Hughes: My first job out of law school involved advertising and ecommerce issues for a large insurance company. So I have been working in and around privacy for almost 25 years.
RSAC: If you weren’t working in the privacy world, what would you be doing?
Hughes: I have always leaned towards tough tech policy issues. So I imagine I would be working on some of the complex problems in the tech policy space – content moderation, algorithmic transparency, data ethics.
RSAC: What does the RSA Conference 2019 theme of “Better” mean to you?
Hughes: Continuous improvement. RSA Conference will be better this year. But so too will the professionals in the information security field. The global call for better infosec solutions and broader awareness and engagement has never been louder. “Better” is a rallying cry for information security pros to take on that responsibility.
RSAC: What is the biggest challenge facing the privacy industry right now?
Hughes: Complexity. The field of privacy has exploded in the past 20 years. And no prior year has been more complex than 2019. We have a major law in California, a number of federal bills in incubation, GDPR fines, and the instability of Brexit all creating a gauntlet of risk for organizations in the digital economy.
RSAC: Complete this sentence: 2025 will be the year of CONVERGENCE.
Hughes: We are seeing the early indicators that privacy, content moderation, trust, safety, and information security are not siloed roles within an organization. Rather, they are all part of a broad mandate to protect and engender trust in the digital economy. In 2025, privacy pros will need to know how to talk to infosec pros in a productive way. Infosec pros will need to understand the fundamentals of digital ethics. The broad array of digital trust professionals will realize that their functions only work if their skills are hybridized to include other domains.
RSAC: Which sectors/industries are more vulnerable to privacy attacks?

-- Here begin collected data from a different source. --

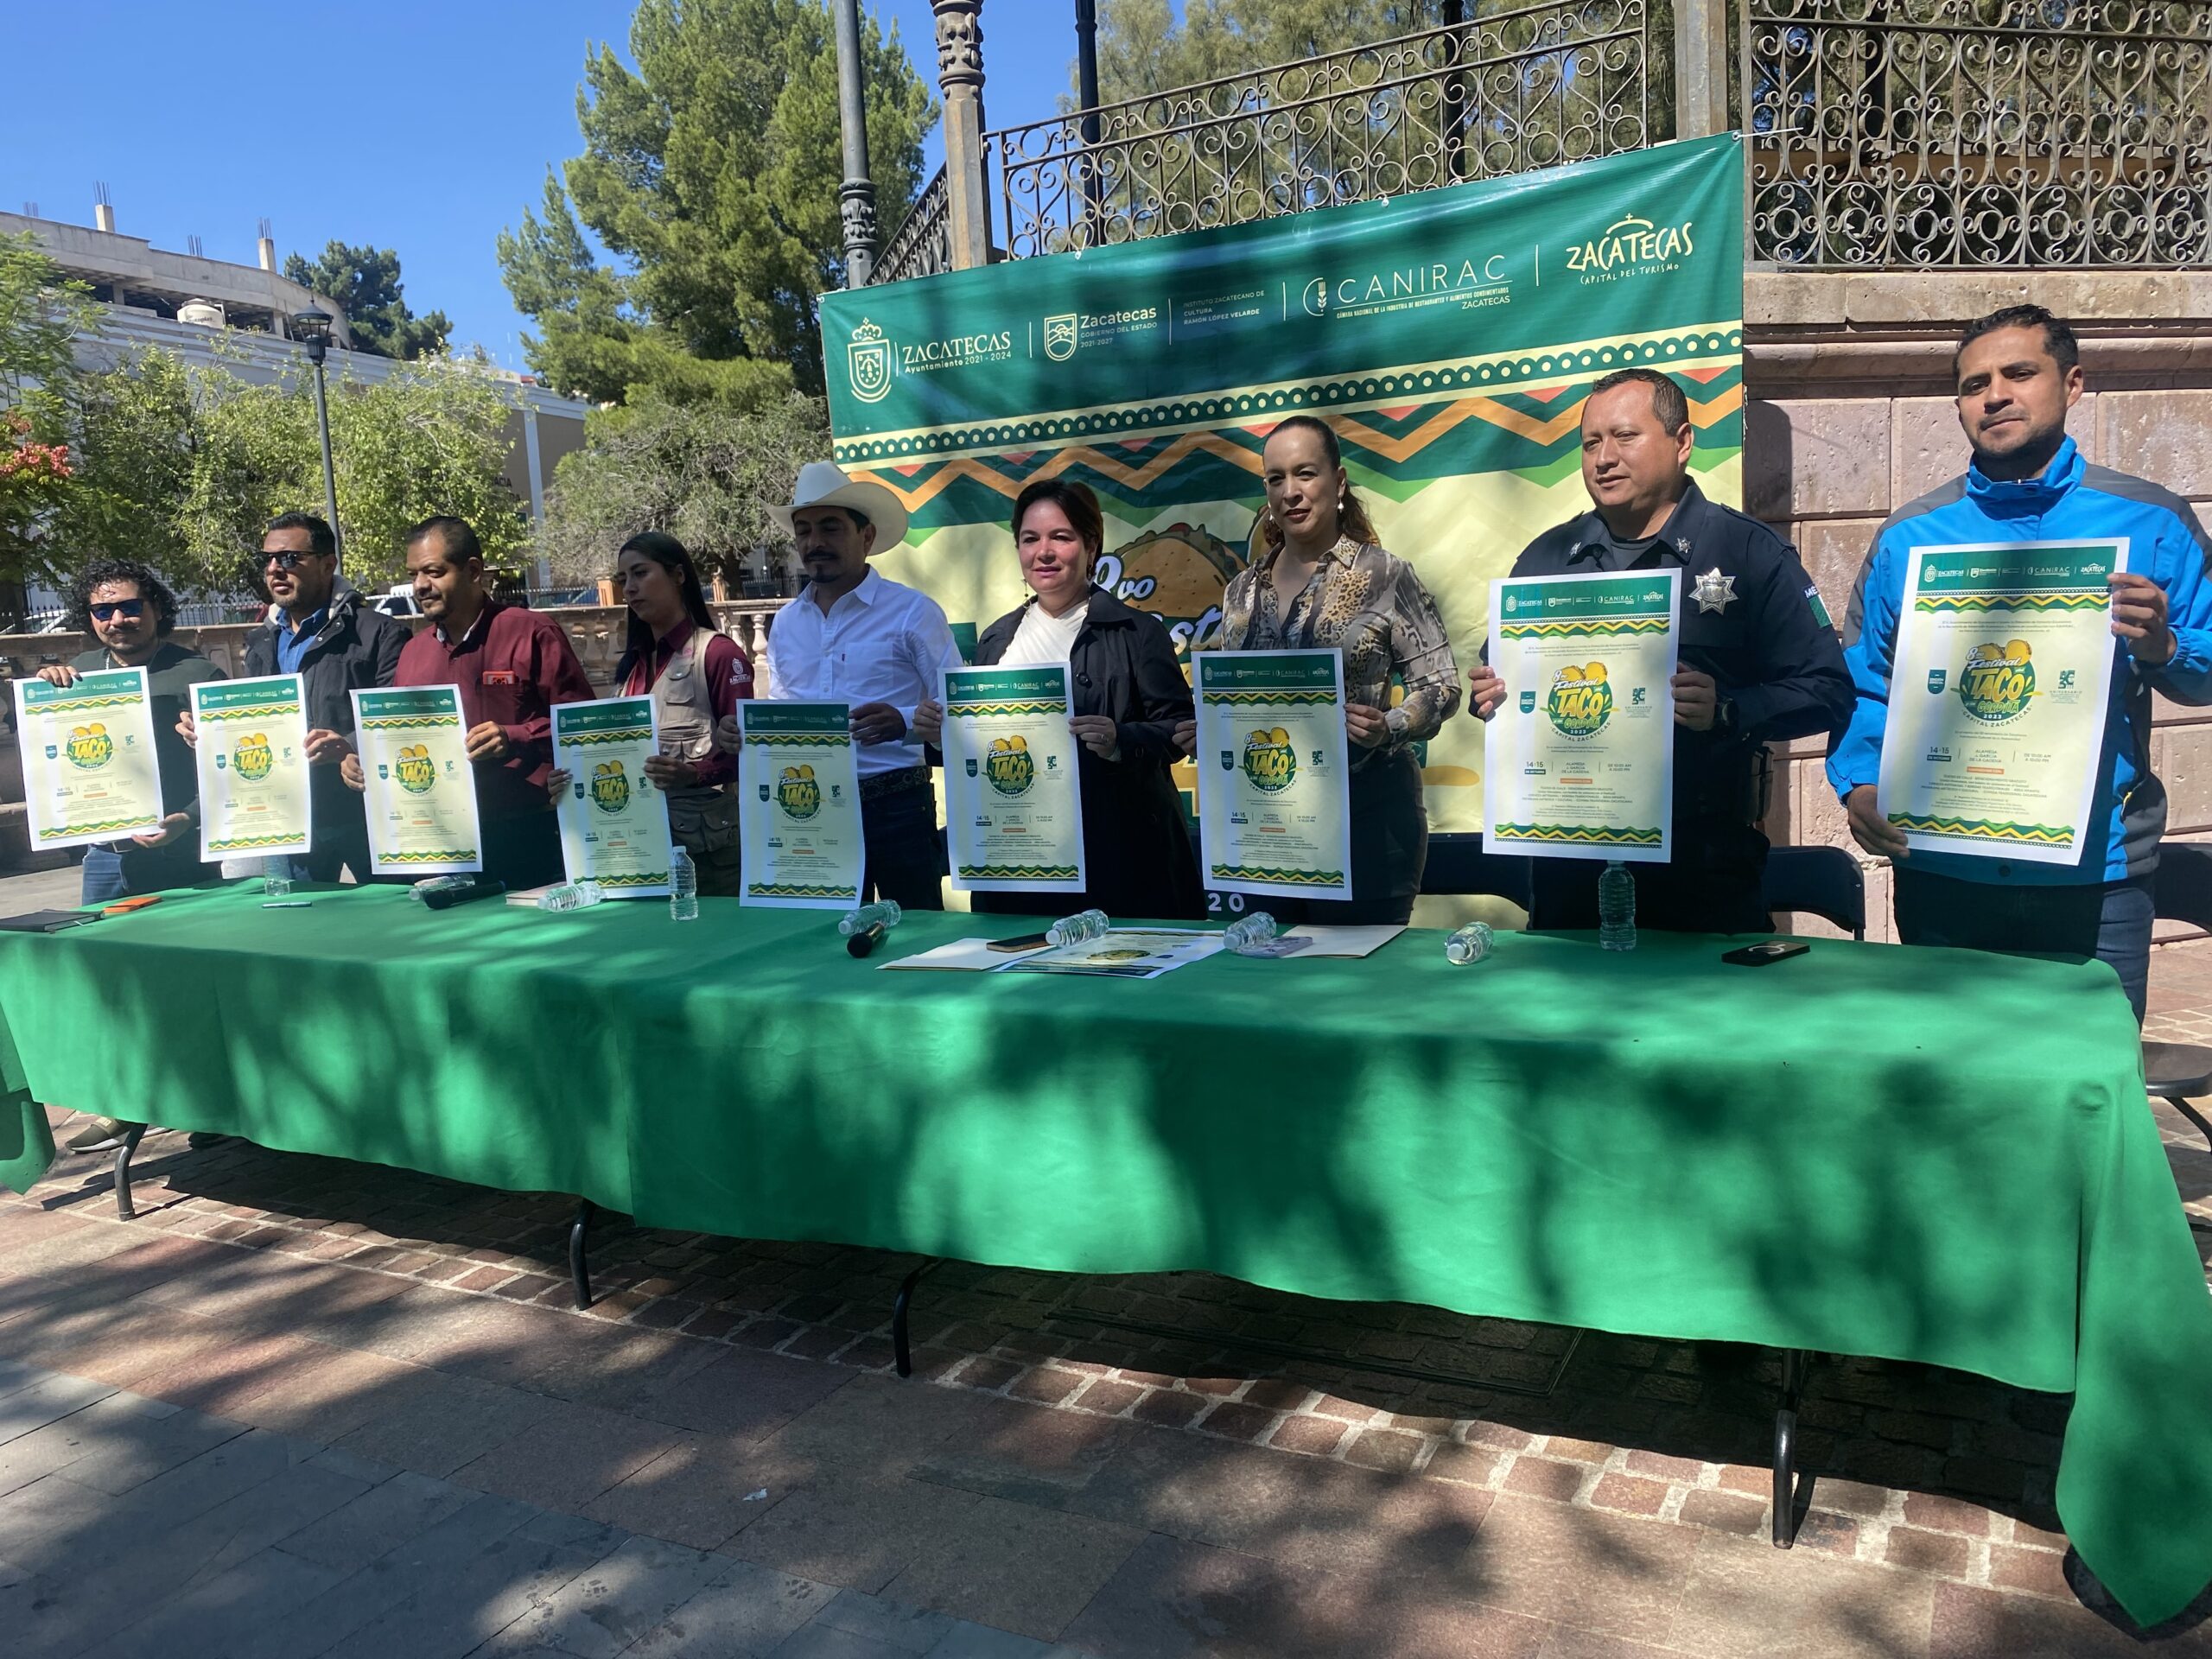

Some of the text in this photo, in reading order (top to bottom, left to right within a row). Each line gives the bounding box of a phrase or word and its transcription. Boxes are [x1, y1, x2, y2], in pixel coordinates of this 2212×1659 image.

[1566, 222, 1694, 272] ZACATECAS
[1338, 254, 1505, 303] CANIRAC
[1580, 264, 1679, 285] CAPITAL DEL TURISMO
[1214, 292, 1255, 304] ZACATECANO
[1461, 295, 1510, 310] ZACATECAS
[1080, 306, 1157, 329] Zacatecas
[1184, 308, 1213, 317] CULTURA
[1230, 308, 1260, 319] VELARDE
[1080, 328, 1116, 339] GOBIERNO
[1130, 321, 1158, 332] ESTADO
[902, 331, 1011, 365] ZACATECAS
[905, 359, 963, 374] Ayuntamiento
[964, 354, 984, 365] 2021
[990, 350, 1012, 361] 2024
[1967, 658, 2023, 671] Festival
[1554, 678, 1599, 690] Festival
[1971, 668, 2026, 702] TACO
[1557, 687, 1604, 719] TACO
[1962, 706, 2032, 728] CAPITAL ZACATECAS
[1551, 721, 1611, 742] CAPITAL ZACATECAS
[72, 738, 107, 759] TACO
[1247, 741, 1282, 752] Festival
[238, 749, 268, 770] TACO
[992, 755, 1027, 780] TACO
[1250, 749, 1289, 777] TACO
[400, 761, 430, 782] TACO
[596, 779, 625, 801] TACO
[783, 783, 815, 805] TACO
[1249, 779, 1297, 797] CAPITAL ZACATECAS
[1207, 893, 1245, 912] 20

Hughes: Any organization using data in the digital economy is subject to privacy risks. But privacy does not always emerge in the form of “attacks.” Organizations will need to embrace the idea that privacy demands stewardship of data – that they are holding data in trust and must use it accordingly.
RSAC: Google saw the first major fine tied to GDPR compliance; do you expect more GDPR-related fines to come this year? How does Brexit complicate data protection and privacy in Europe?

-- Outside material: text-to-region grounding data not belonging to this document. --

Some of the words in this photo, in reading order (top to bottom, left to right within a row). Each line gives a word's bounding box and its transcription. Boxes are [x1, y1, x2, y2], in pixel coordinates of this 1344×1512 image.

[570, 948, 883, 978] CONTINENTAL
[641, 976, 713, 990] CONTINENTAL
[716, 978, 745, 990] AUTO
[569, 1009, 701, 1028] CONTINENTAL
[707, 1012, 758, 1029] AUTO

Hughes: We expect many fines to emerge this year. European regulators are beginning to flex the new fining authority they have under GDPR. But don’t expect whopping numbers. Pay attention to the messages within the enforcement actions. Where are the regulators focused? What issues/practices seem to be attracting the most attention? European data protection authorities will demonstrate through their actions where the largest risks lie.

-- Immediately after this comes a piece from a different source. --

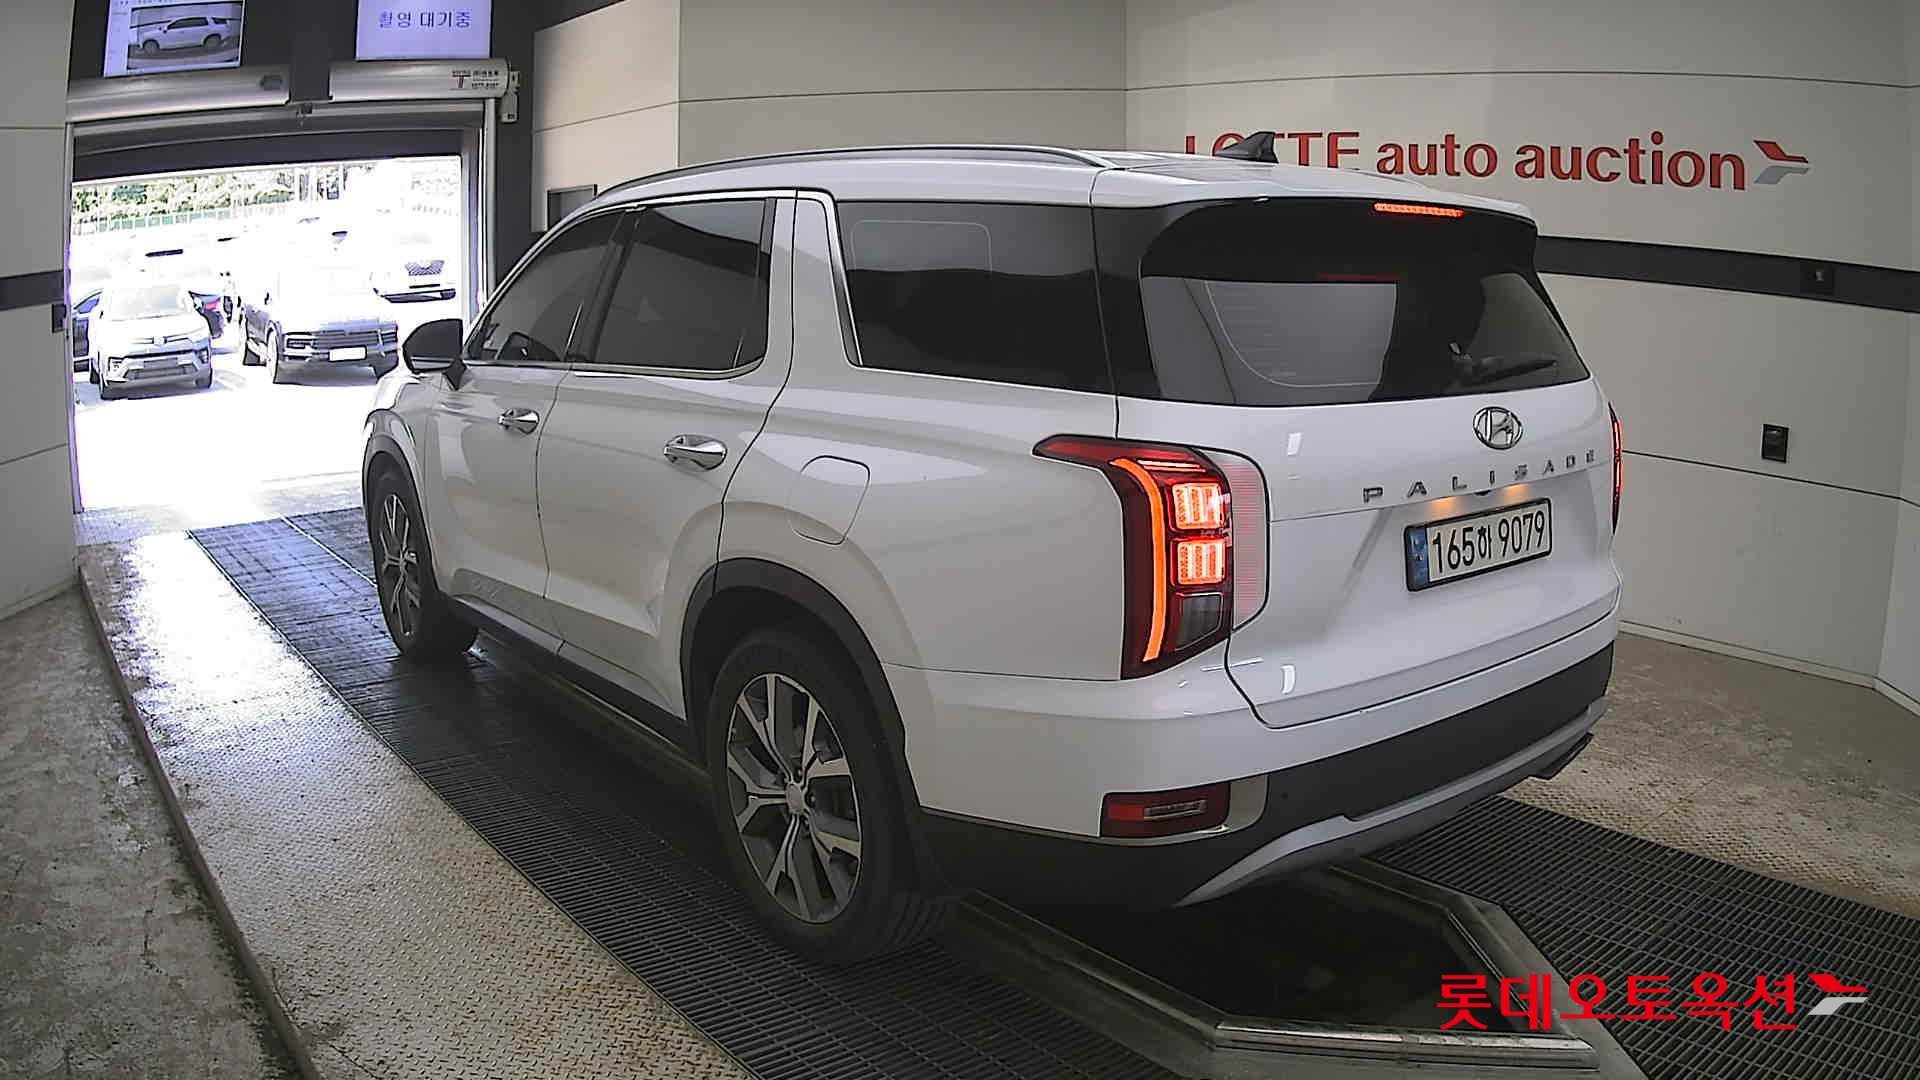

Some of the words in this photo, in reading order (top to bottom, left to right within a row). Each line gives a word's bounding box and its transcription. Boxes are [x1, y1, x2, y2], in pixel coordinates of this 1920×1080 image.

With regards to Brexit, the data protection issues are again complex and the ability to predict all of the possible outcomes is limited. We certainly see data transfers between the UK and Europe as a hotspot. But so too are the issues of unwinding the regulatory relationships in the UK. Many organizations have been using the UK data protection authority as their primary privacy regulator in Europe. After Brexit, those companies may need to migrate to a new EU regulator.